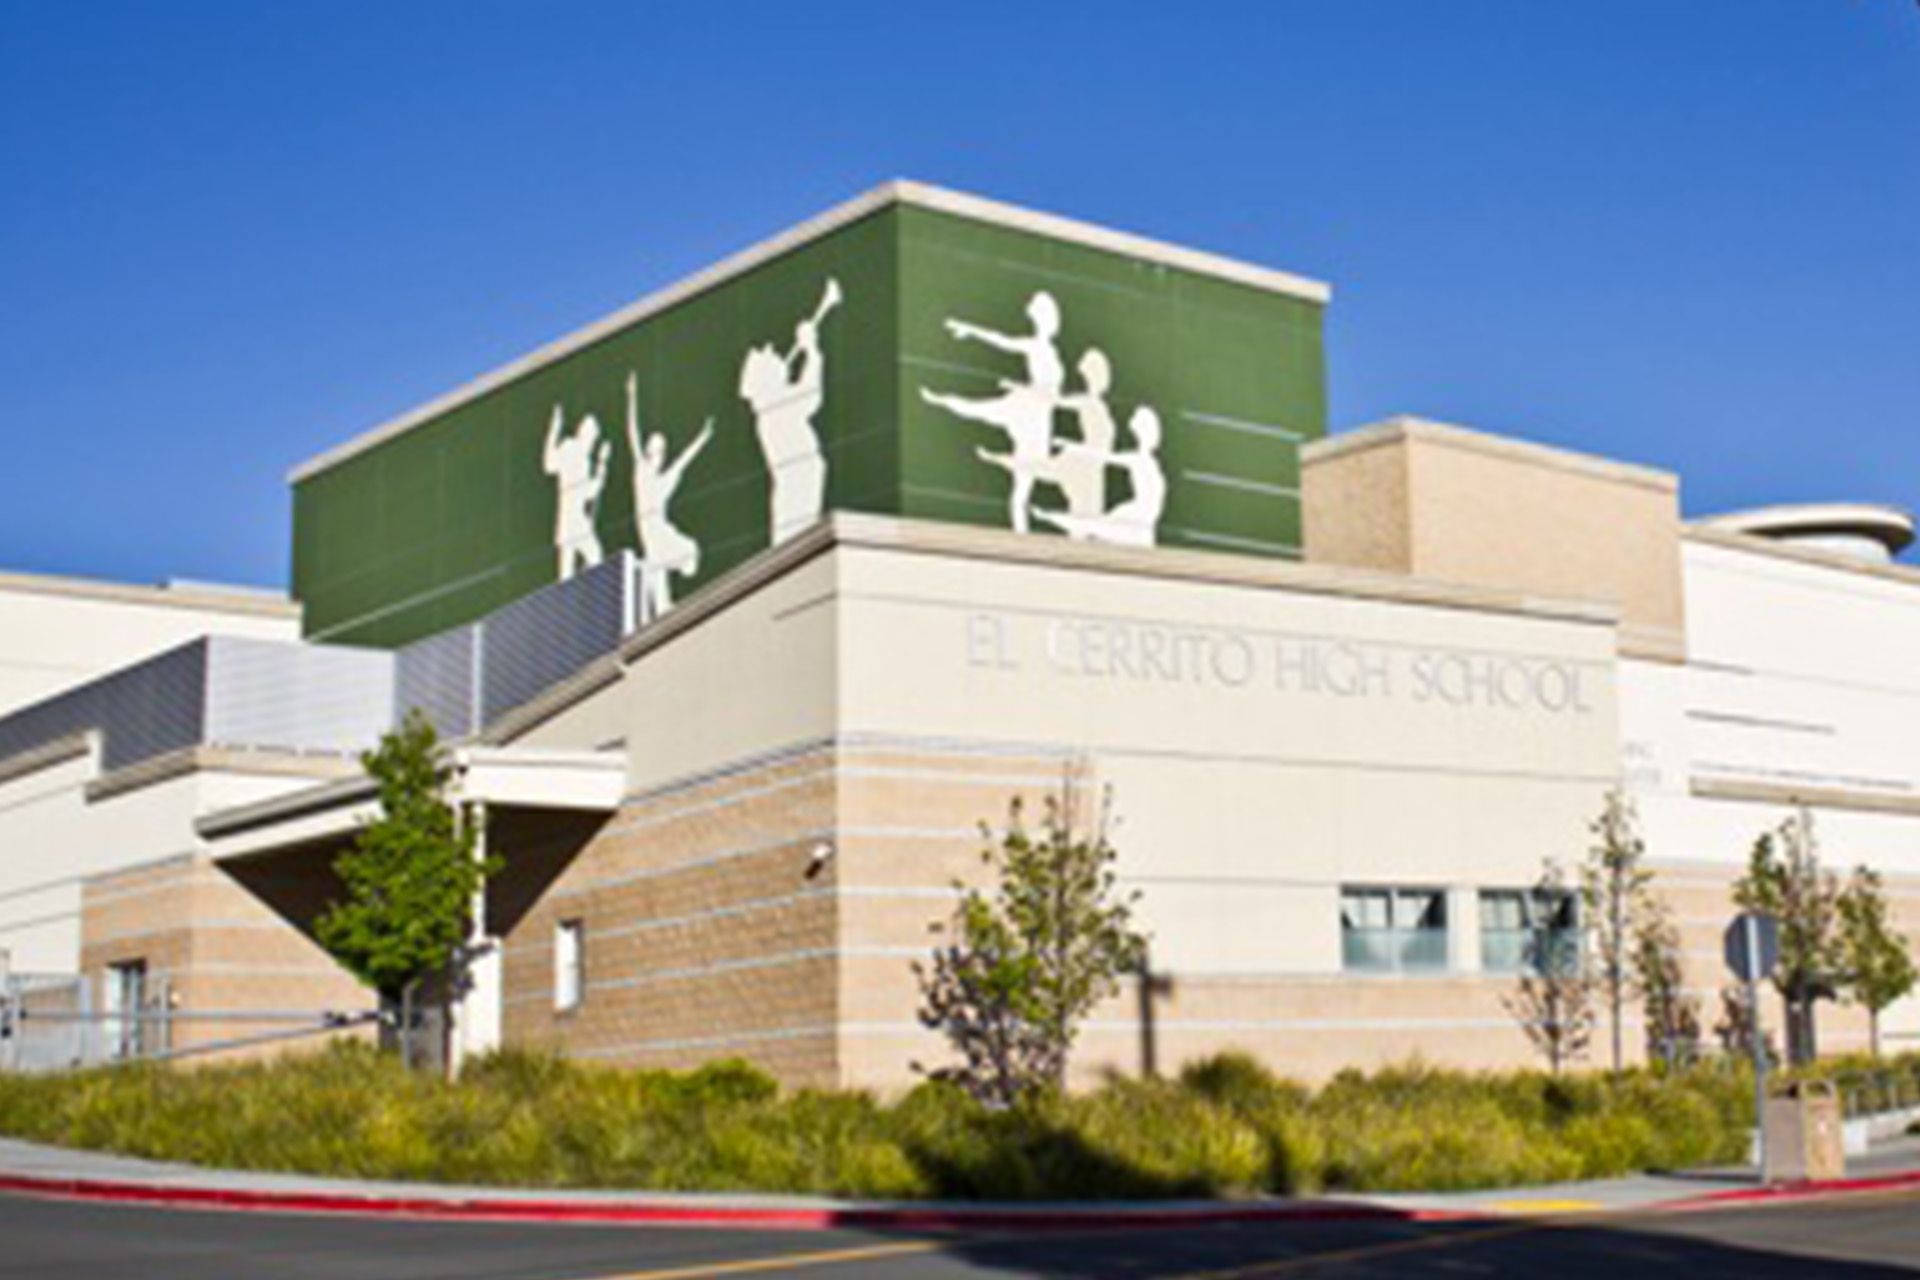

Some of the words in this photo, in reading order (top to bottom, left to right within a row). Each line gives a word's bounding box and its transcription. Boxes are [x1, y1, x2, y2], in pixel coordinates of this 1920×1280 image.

[966, 614, 1018, 668] EL
[1047, 620, 1255, 687] CERRITO
[1275, 641, 1392, 697] HIGH
[1411, 651, 1592, 713] SCHOOL
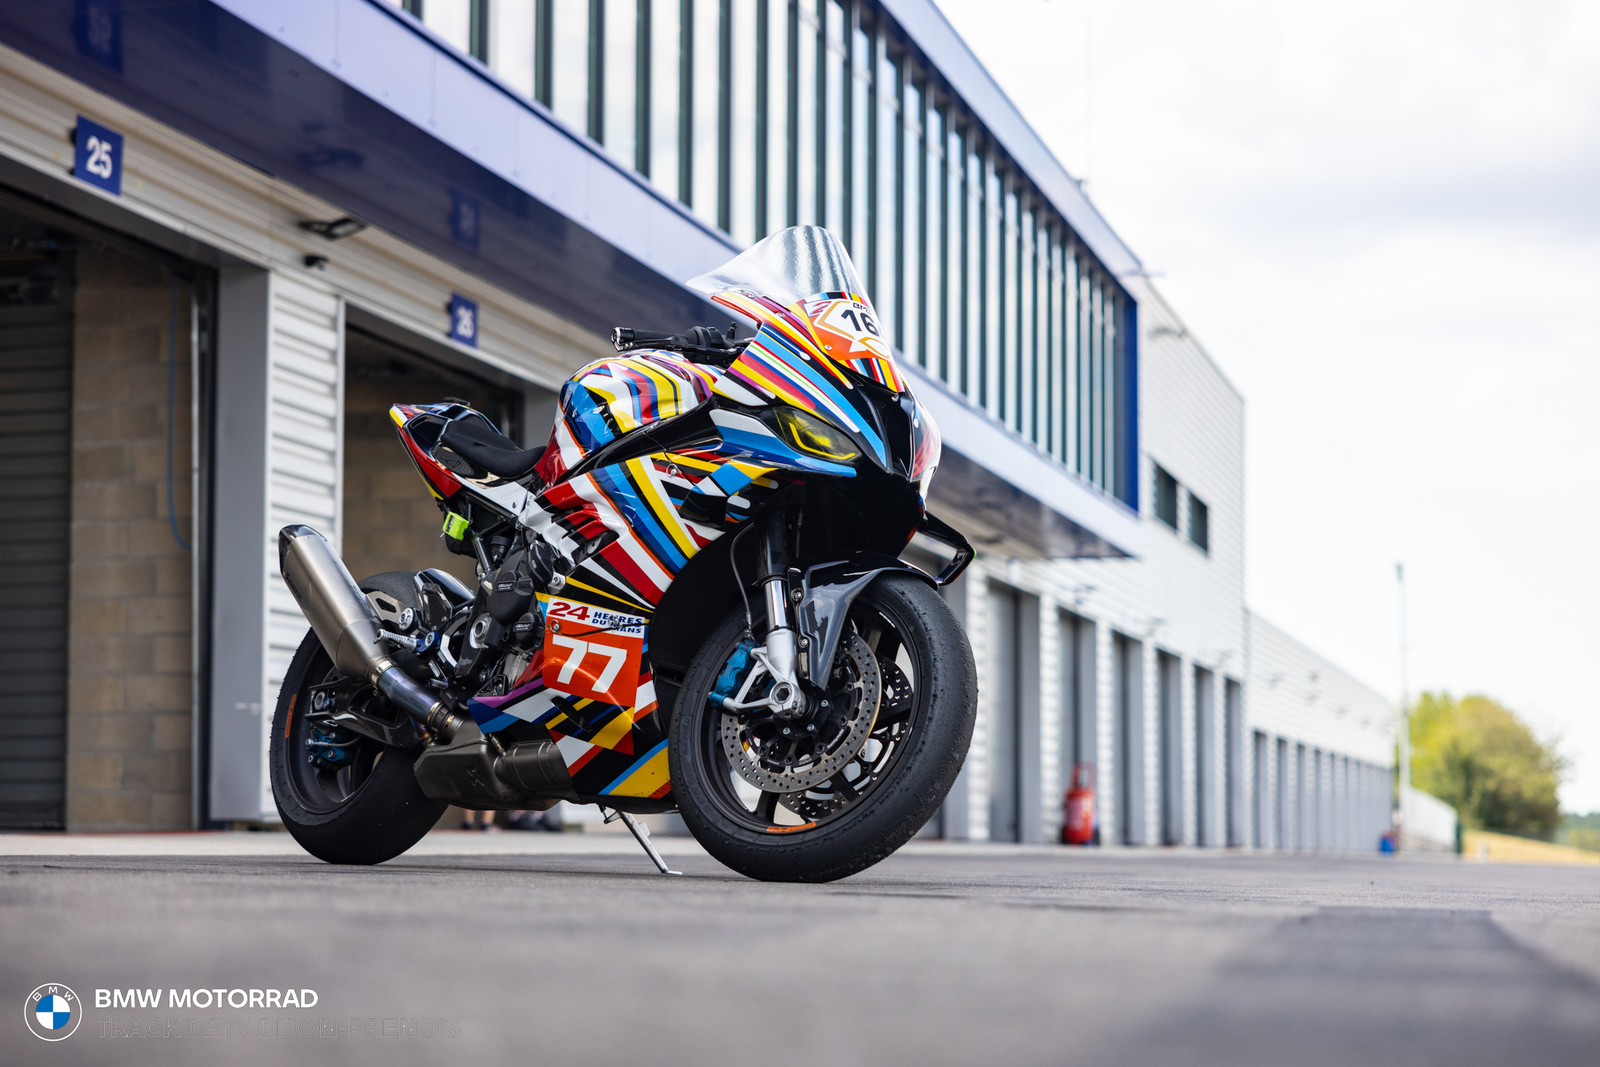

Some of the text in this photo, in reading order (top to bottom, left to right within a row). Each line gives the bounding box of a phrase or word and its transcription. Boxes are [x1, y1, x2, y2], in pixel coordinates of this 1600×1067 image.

[86, 135, 113, 179] 25
[841, 309, 880, 338] 16
[547, 601, 591, 621] 24
[591, 618, 607, 626] DU
[552, 634, 628, 694] 77
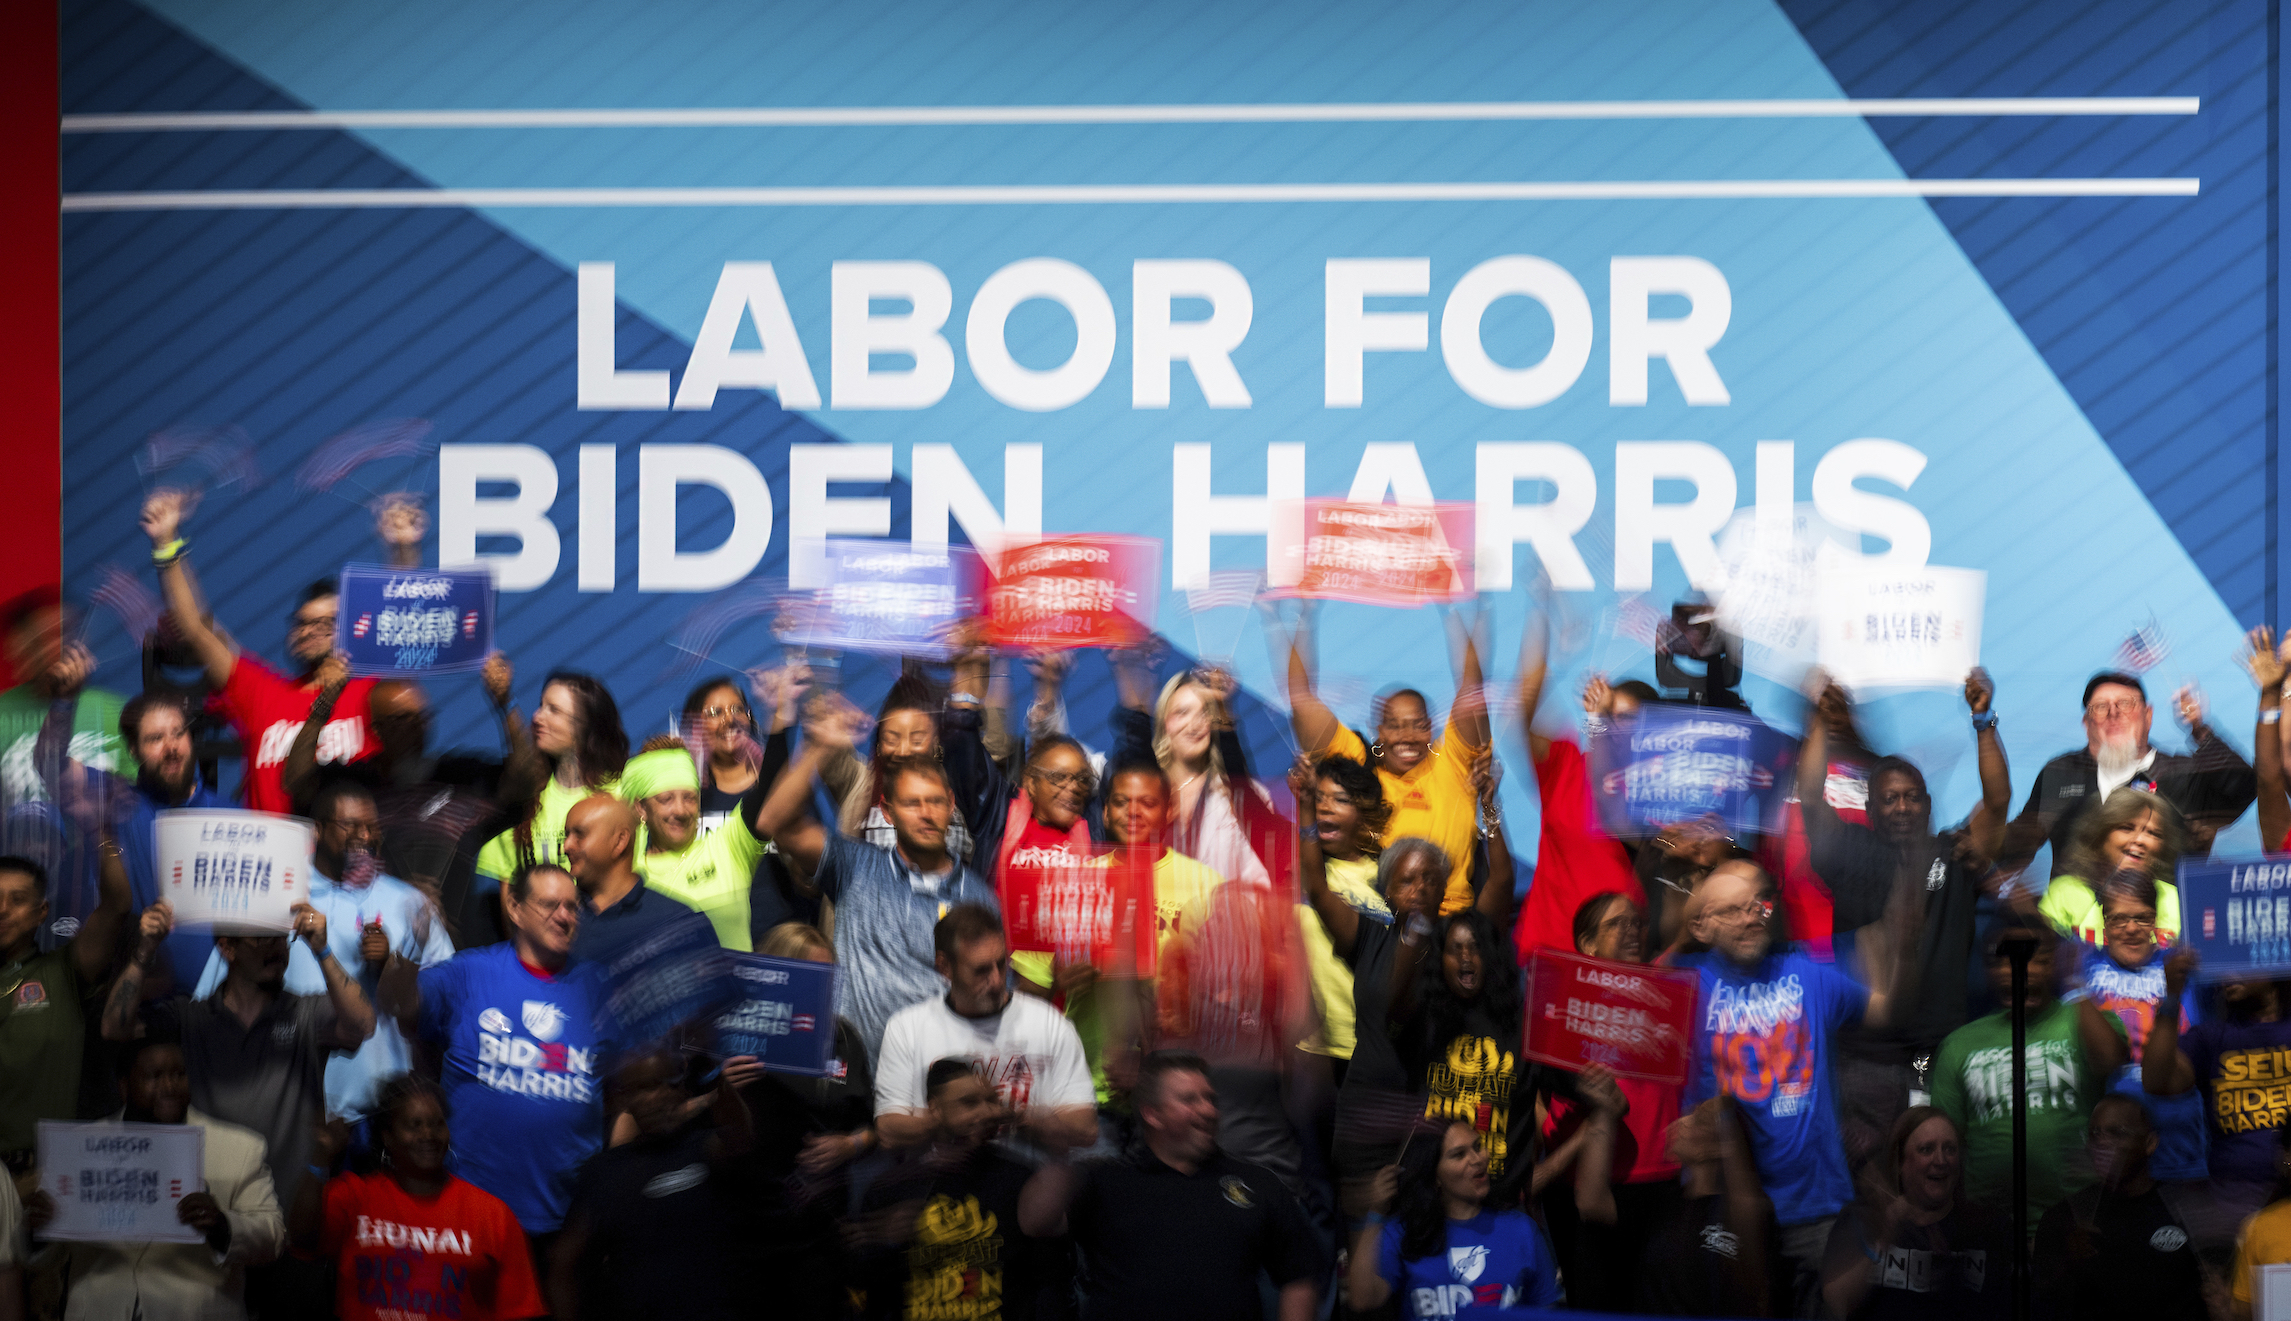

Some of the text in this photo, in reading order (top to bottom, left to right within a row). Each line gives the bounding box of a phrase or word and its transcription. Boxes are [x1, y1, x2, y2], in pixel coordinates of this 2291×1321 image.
○ ○ ○ ○
→ What the exercise asks:
Write the listing above out again word for word, excluding all images.

→ Task output:
Some of the words in this photo, in reading order (top to bottom, left to right within a row). Each line gives a word's bounding box and its transcription. Boxes are [x1, y1, x2, y2], in pixel coordinates of this 1920×1280 image.

[966, 614, 1018, 668] EL
[1047, 620, 1255, 687] CERRITO
[1275, 641, 1392, 697] HIGH
[1411, 651, 1592, 713] SCHOOL

Some of the text in this photo, in reading order (top to bottom, left to right within a row). Each line gives the bounding box of a phrase or word and its transcription. Boxes are [x1, y1, x2, y2], in pixel coordinates of this 1600×1067 image.

[86, 135, 113, 179] 25
[841, 309, 880, 338] 16
[547, 601, 591, 621] 24
[591, 618, 607, 626] DU
[552, 634, 628, 694] 77

Some of the text in this photo, in reading order (top to bottom, left to right within a row). Each line gives the bounding box of a phrase or word and its transcription. Boxes are [x1, y1, x2, y2], in pixel coordinates of this 2291×1321 image.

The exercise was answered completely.